Я сбежала из золотой клетки, чтобы спастись от превращения в тупое, сытое, ленивое животное. Мне помог милый Мистер Килсон. Не знаю, может быть это стоило ему места. Я умоляла его помочь мне бежать, я стояла перед ним на коленях, когда он в очередной раз привез продукты из супермаркета. Он смущенно поправлял на носу очки, отговаривал меня от опасной затеи, но я видела, что в глубине души он согласен со мной. Он побоялся везти меня в аэропорт, но объяснил как вызвать такси — я даже не знала толком своего адреса! Еще он дал мне денег, у меня совсем их не было. Не могла же я бежать с набором консервов в рюкзаке и с напольной китайской вазой в руках. Секретарь был так добр что заказал  по телефону билет на мое имя до Нью-Йорка.

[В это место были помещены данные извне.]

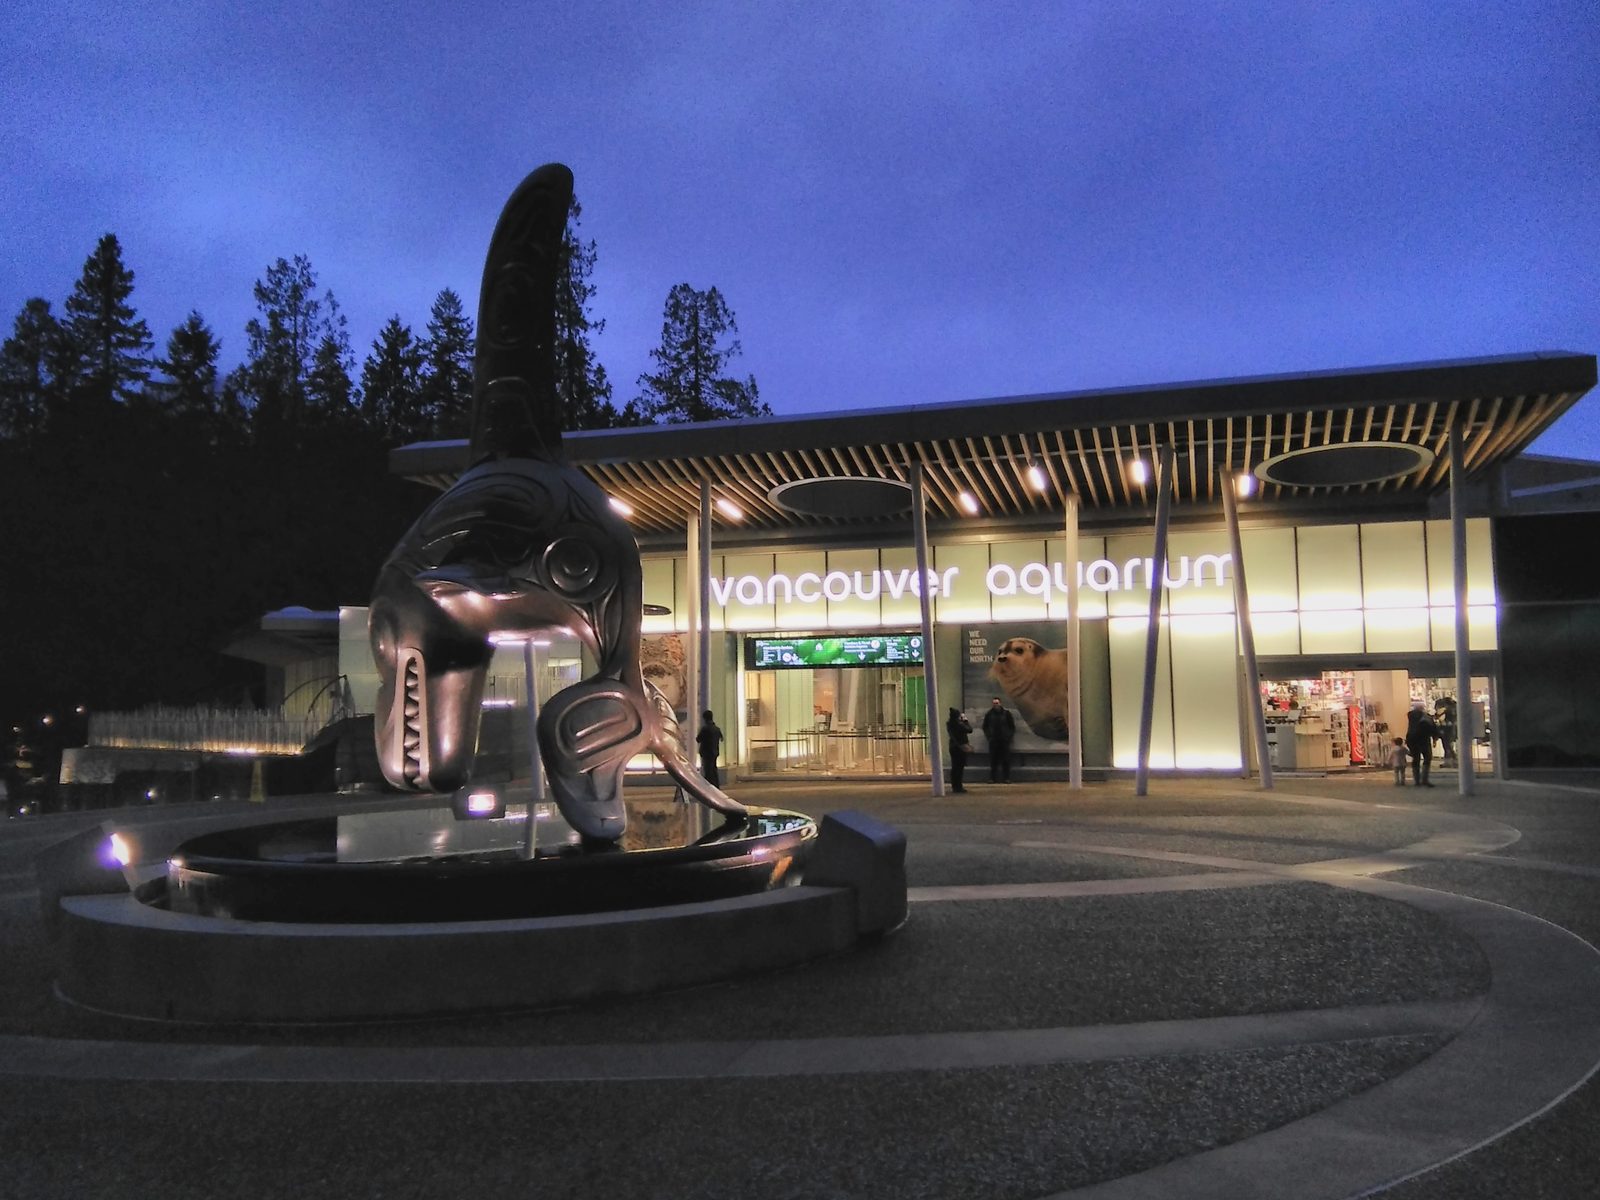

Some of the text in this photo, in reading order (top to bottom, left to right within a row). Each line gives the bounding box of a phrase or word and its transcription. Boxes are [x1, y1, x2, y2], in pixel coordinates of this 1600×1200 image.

[709, 553, 1232, 606] vancouver aquarium
[968, 630, 980, 638] WE
[969, 638, 987, 646] NEED
[969, 647, 984, 655] OUR
[969, 655, 993, 663] NORTH

Когда в такси я неслась мимо голых желтых полей с изгородями кактусов, сердце мое ликовало. Я чувствовала себя счастливой и свободной. Я чувствую  себя и сейчас счастливой и свободной. Я свободна от любых привязанностей, я люблю теоретически всех людей, но никого конкретно. Прохожие улыбаются мне и проходят мимо по своим делам. Меня тоже не любит никто конкретно. Я избегаю контактов с соотечественниками, мне претит их грубость, абсурдно развитое чувство самодовольства и ревности к чужим успехам. Я не принимаю предложений от местных аборигенов сходить поужинать — я не знаю их правил игры. Мужчины не влюбляются в официанток, они только не прочь пофлиртовать и ущипнуть за задницу. Им кажется что это делает девушку счастливой.

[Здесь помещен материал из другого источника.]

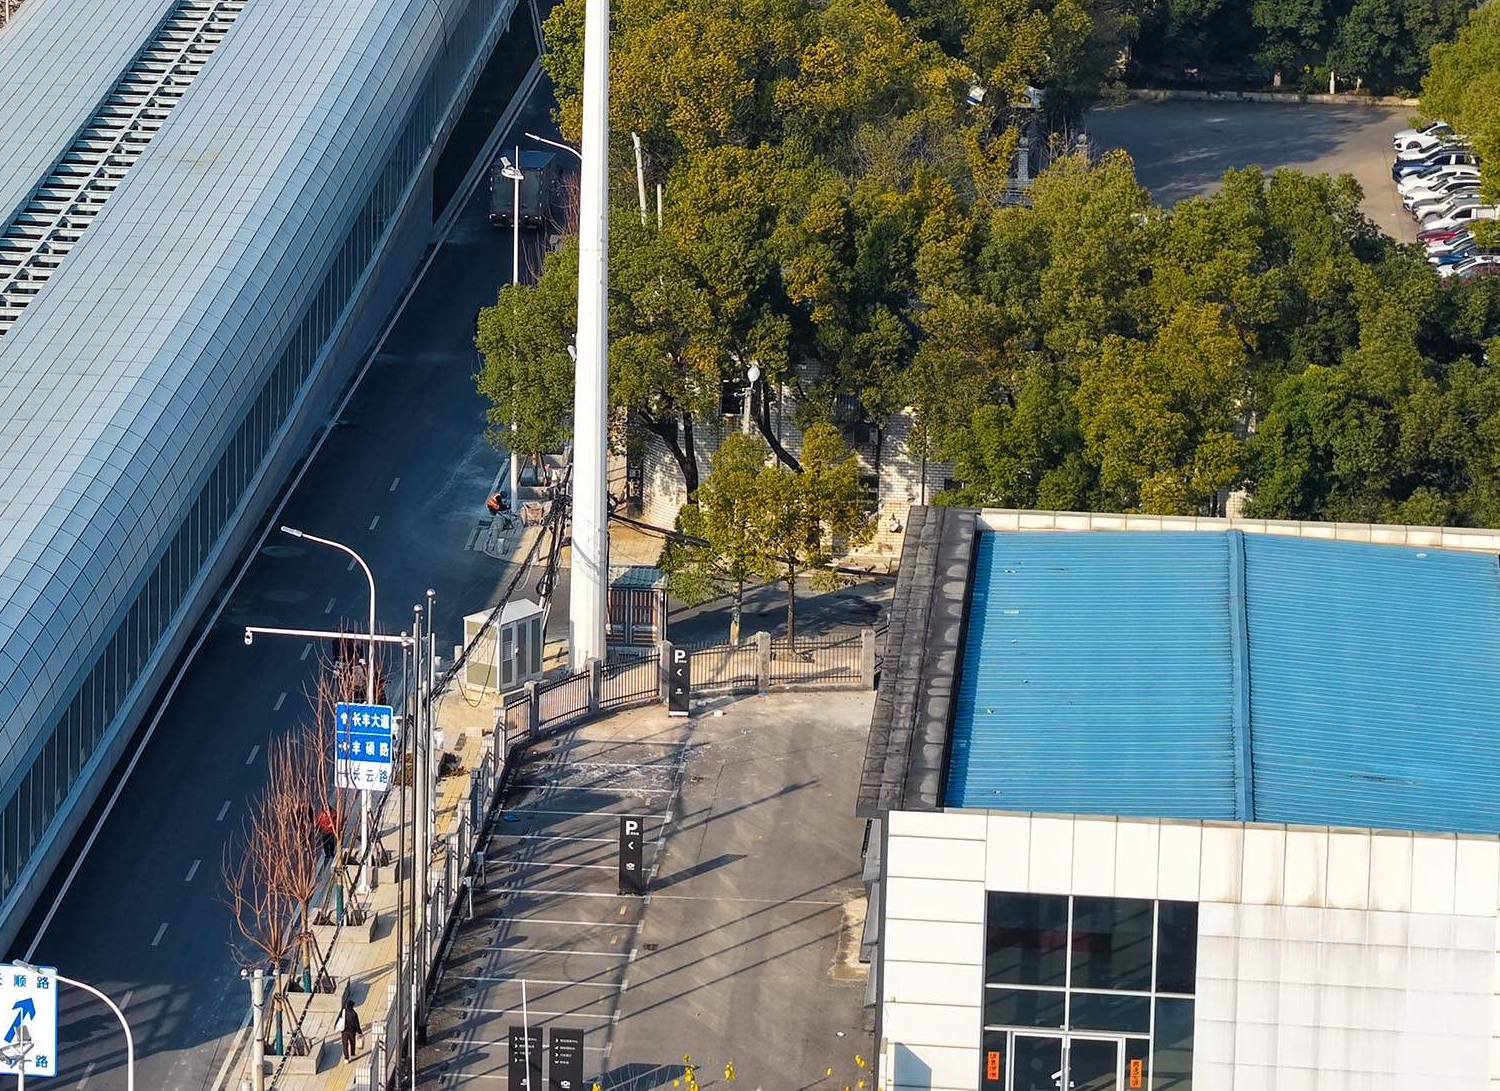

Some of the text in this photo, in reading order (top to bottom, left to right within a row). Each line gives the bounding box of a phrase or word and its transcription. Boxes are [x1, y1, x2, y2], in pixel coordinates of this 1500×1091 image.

[352, 712, 390, 729] 长丰大道
[625, 820, 638, 836] P

Я прихожу домой в маленькую темную комнатку, которую снимаю в самом центре Нью-Йорка и которая стоит безумных денег — и знаете что я делаю? Я рисую. Робко, не умело, но это приносит мне огромное наслаждение. Никто не говорит, что композиция завалена на бок, и что в красных розах должны быть холодные оттенки. Я делаю розы красными или голубыми в зависимости от настроения. Уж здесь-то у меня полная свобода творить мир по собственному усмотрению.

Иногда, конечно, я вздыхаю, вспоминая прежнюю квартирку в Оклахоме. Если бы я могла иметь такую же здесь в Нью-Йорке! Нужно быть, по меньшей мере доктором, чтобы оплачивать подобную роскошь. Конечно, можно закончить компъютерные курсы, но я зареклась делать то, что мне не нравится, даже во имя денег.

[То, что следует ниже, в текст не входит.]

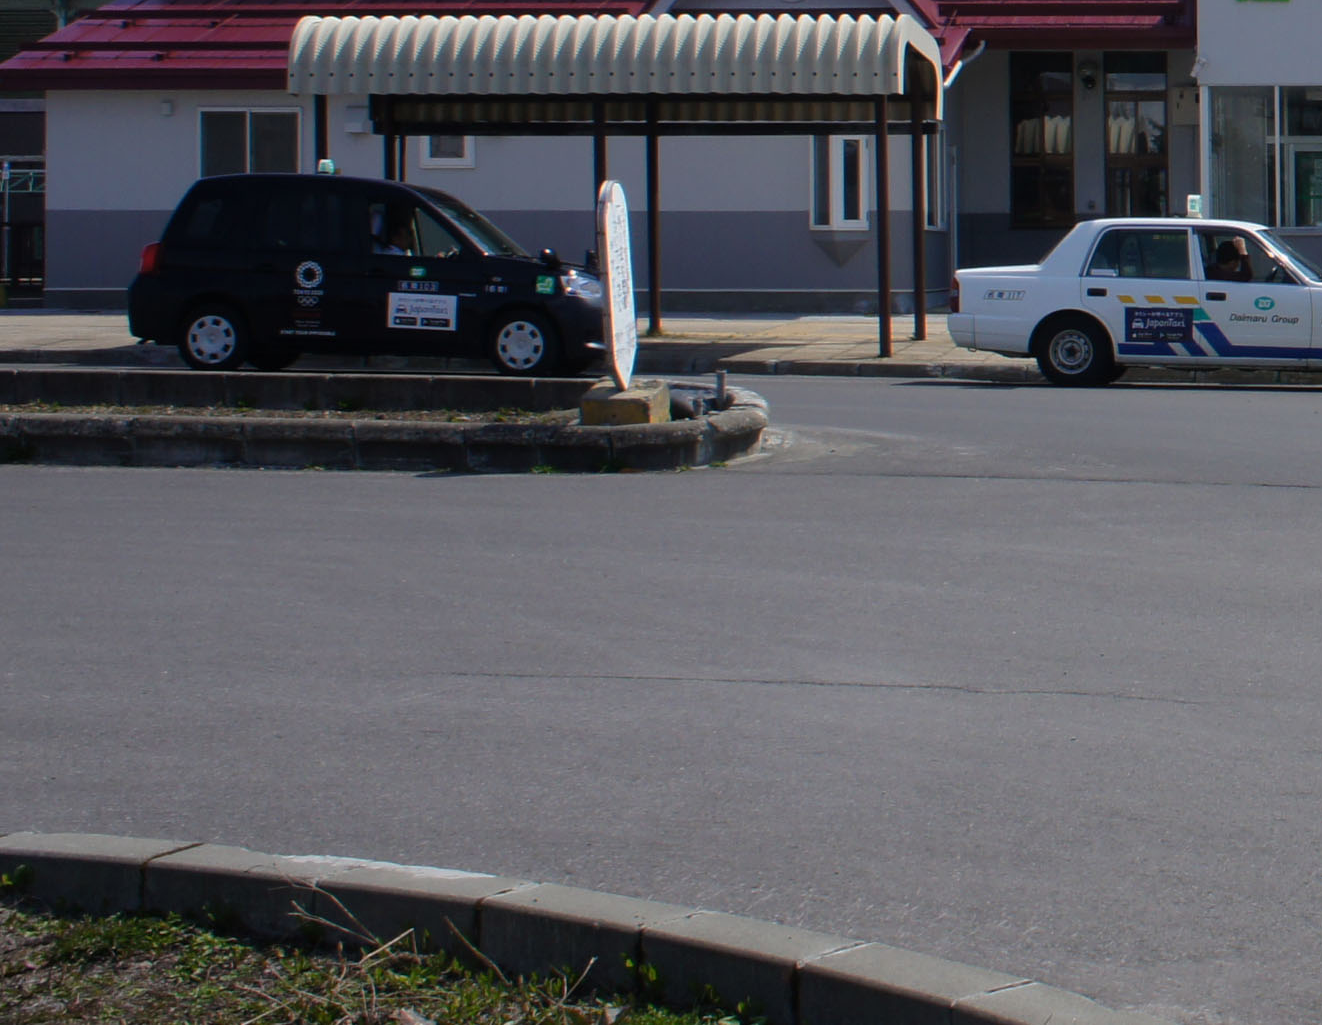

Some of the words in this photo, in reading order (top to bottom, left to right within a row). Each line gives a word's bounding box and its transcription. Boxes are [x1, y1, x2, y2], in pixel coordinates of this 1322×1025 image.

[1145, 318, 1186, 330] JapanTaxi
[1229, 312, 1268, 324] Daimaru
[1271, 314, 1299, 325] Group

Итак, я бегаю с подносами, раздаривая совершенно искренне улыбки, поднимая людям настроение и сама от этого же торчу, иногда фантазирую: "А что если вот этот, в костюме, влюбится в меня? Мы будем ходить в гости, в театры, я брошу работу официанткой и, может быть, возьму в колледже класс акварели, а летом мы поедем в Европу…" Но тут в мои мечты врывается недовольный голос пожилого господина:

— Девушка, вы забыли принести мне соус! -

Я лечу к нему с соусом, приговаривая:

— Одну минуточку, дорогой! Ну как я могла о вас забыть! -

Он улыбается, смягчаясь, а я уже лечу дальше, мельком отметив, что на улице идет дождь…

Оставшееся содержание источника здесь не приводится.